Friday, March 8, 2013

Dreamside Maroon

Oh lookie, another IGF game.

Hot damn this game was good.  You may remember two days ago, when my partner in crime reviewed a game that advertised itself as a "poetic experience."  If any game is deserving of that title, it's Dreamside Maroon (although it never advertises itself as such.  Go figure).

I actually have a lot to say about this game, much of which I'm not going to be able to.  For now, know this:  I didn't play 100% of this game.  Not even close.  I played just enough to sample the mechanics and write a review.

The main premise of this game is that you are trying to travel to the moon by growing a vine toward it.  While in reality this idea is about as ingenious as a cheese grater made of soap, things go surprisingly well for Aster, the game's protagonist.

Now, the word of the day is "exploration," and I have to say, I'm so glad I have this game to hold up as an example of the right way to go about exploration, the antithesis of Skyrim's succession of pre-paved paths under the false pretense of "exploration game."  You are given all you need to have the best possible exploration experience: a primary objective (reach the moon), incentive to get off the beaten path (the poetry lamps that I'll explain later), and genuinely interesting environments to explore (every floating island, especially the shifting ones).  Granted, the game lacks a bit in the third category, but I'll get to that in a bit.

First, let me talk about these poetry lamps.  Along the way, you can light up lamps that do two things: give you fireflies and give you lines of verse.  These lines of verse are combined into a poem that you can access at any time throughout the game.  This appeals to two of the gaming aficionado's most prominent senses (at least in my opinion): achievement within the confines of game mechanics and exploration of the game's subtext.  The fireflies appeal to the sense of achievement, because you need fireflies in order to save yourself if you fall into the depths of space.  The poetry allows for a deeper examination of the game's themes and ideas as a whole, which makes people like me go nuts.  I'm going to shove this game into the face of everyone I know so that I can have conversations about such things.

EDIT: I replayed the game, and it turns out the fireflies are completely unnecessary.  They're just trinkets to be found.  Thus, consider the last paragraph as a reflection on what I would have liked to write about the game if it had implemented design choices more to my liking.
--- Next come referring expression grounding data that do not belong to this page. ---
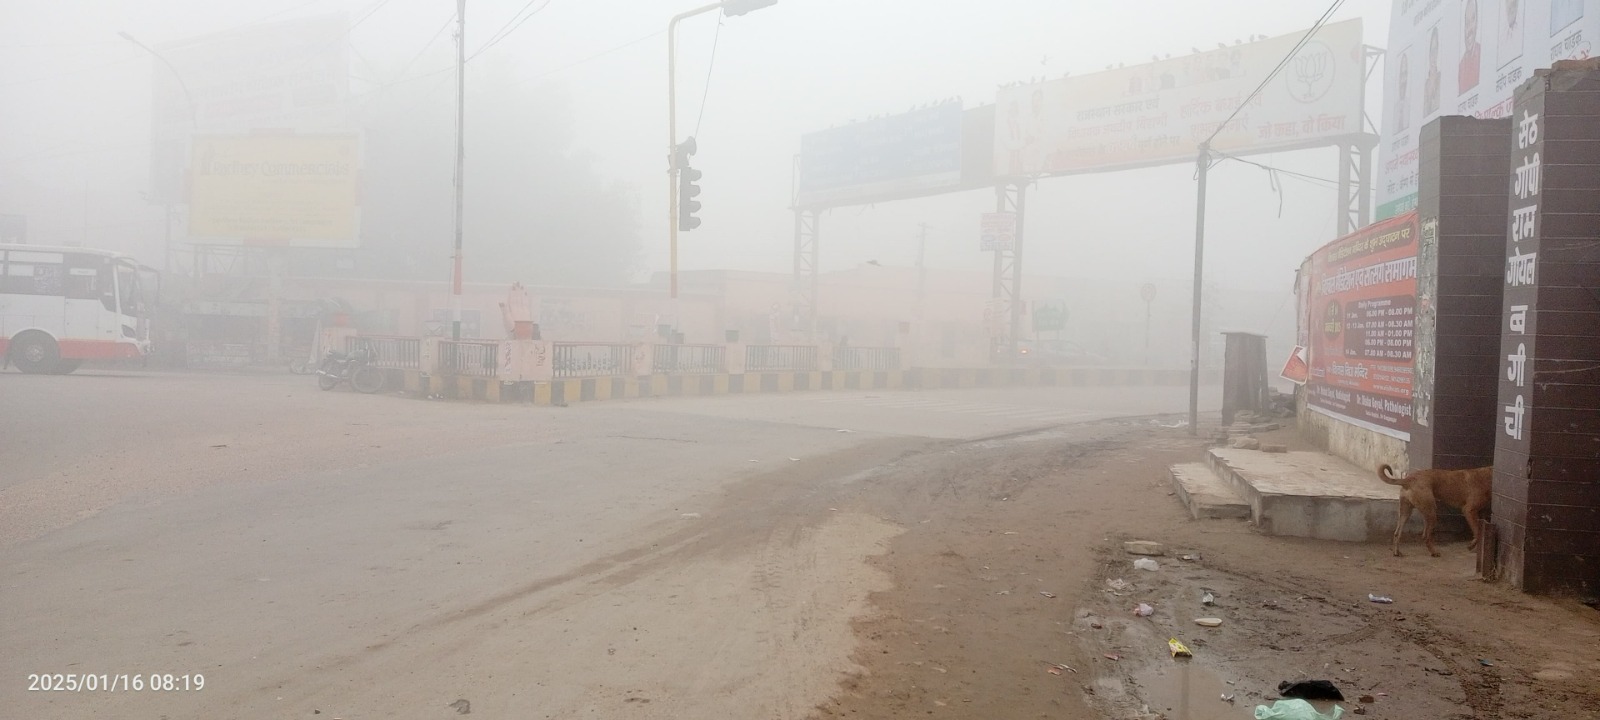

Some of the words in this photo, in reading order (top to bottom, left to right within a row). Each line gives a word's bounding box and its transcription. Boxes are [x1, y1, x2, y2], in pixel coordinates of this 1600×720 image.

[1113, 100, 1143, 116] सरकार
[1180, 97, 1213, 119] हार्दिक
[1257, 121, 1273, 139] जो
[1274, 121, 1299, 138] कहा,
[1301, 115, 1316, 134] वो
[1317, 113, 1346, 132] किया
[1519, 109, 1538, 149] सेठ
[1515, 152, 1540, 200] गोपी
[1513, 204, 1537, 242] राम
[1401, 227, 1411, 240] पर
[1384, 256, 1418, 284] समागम
[1507, 246, 1537, 286] गोयल
[1368, 299, 1392, 309] Programme
[1403, 306, 1413, 316] PM
[1403, 319, 1413, 329] AM
[1388, 330, 1402, 338] 01.00
[1403, 329, 1413, 338] PM
[1402, 339, 1412, 348] PM
[1402, 351, 1412, 360] AM
[1384, 398, 1412, 418] Pathologist
Let me talk a bit about the technical side of things before going into what I didn't like about the game.

The controls are nice and fluid and do exactly what you'd expect them to (once you go into the settings and set "inverse y on camera" from "off" to "on").  The only mechanical issue I had a problem with was the fact that if you press "S" to dismount your vine, walking on it is very difficult and unruly, which is likely to send you flying into the depths of space.  Granted, you can't die in this game, so it's not a huge problem.

That being said, there's no consequence for dying.  I find this to be a mark of flawed design in general, but what really gets me is that it takes any sense of danger or challenge out of the game.  The feeling of danger...the emotion that you could fail at any time...these are the kinds of moods that made Life of Pi such an amazing movie.  If you knew for a fact that the kid and the tiger would stumble upon an island village of zoophiles and that Pi and Richard Parker would start a family and live happily ever after, the movie would be reduced to nothing but a visual rollercoaster (by the way, nothing of the sort happens in Life of Pi.  Don't worry, I'd put 'spoiler alert' in front of a paragraph with legitimate spoilers).

Other than that, the worst thing I can say about this game is that it severely needs a skip feature.  This is the kind of game that would encourage you to replay it multiple times because every play experience is different. You'll likely get a completely different poem every time, etc.  Let me get right into the good stuff!  Don't make me watch the same artsy slideshow that I've watched every time I boot up the damn game.  And for cryin out loud, let me skip the credits!  Or at least put my stats before the credits so that I can make a mental note of them before alt+f4ing past the credits myself.  It's not that I'm not interested in who made the game, it's just that I already knew that by reading DigiPen's webpage, and I certainly don't need to see it more than once.

Despite this game's flaws (which were plentiful and pronounced), I had a lot of fun with it.  I really thing this game is artistic rather than artsy, which is an important difference.  Dreamside Maroon proudly joins my list of artistic masterpieces, right alongside Braid and Bastion.  Sure Dreamside Maroon might be the little nerdy pipsqueak that the other artistic games pick on, but he's still in the club and real proud of it.  It's miles above pretentious, artsy games like Douse in my opinion.

That's all I got for now.  Until next time, stay poetic.  I leave you with one particular line from Dreamside Maroon that stuck with me: "But as long as I am young and the world is not as it should be, I am forced to define it.  An Idea.  To share it with the world."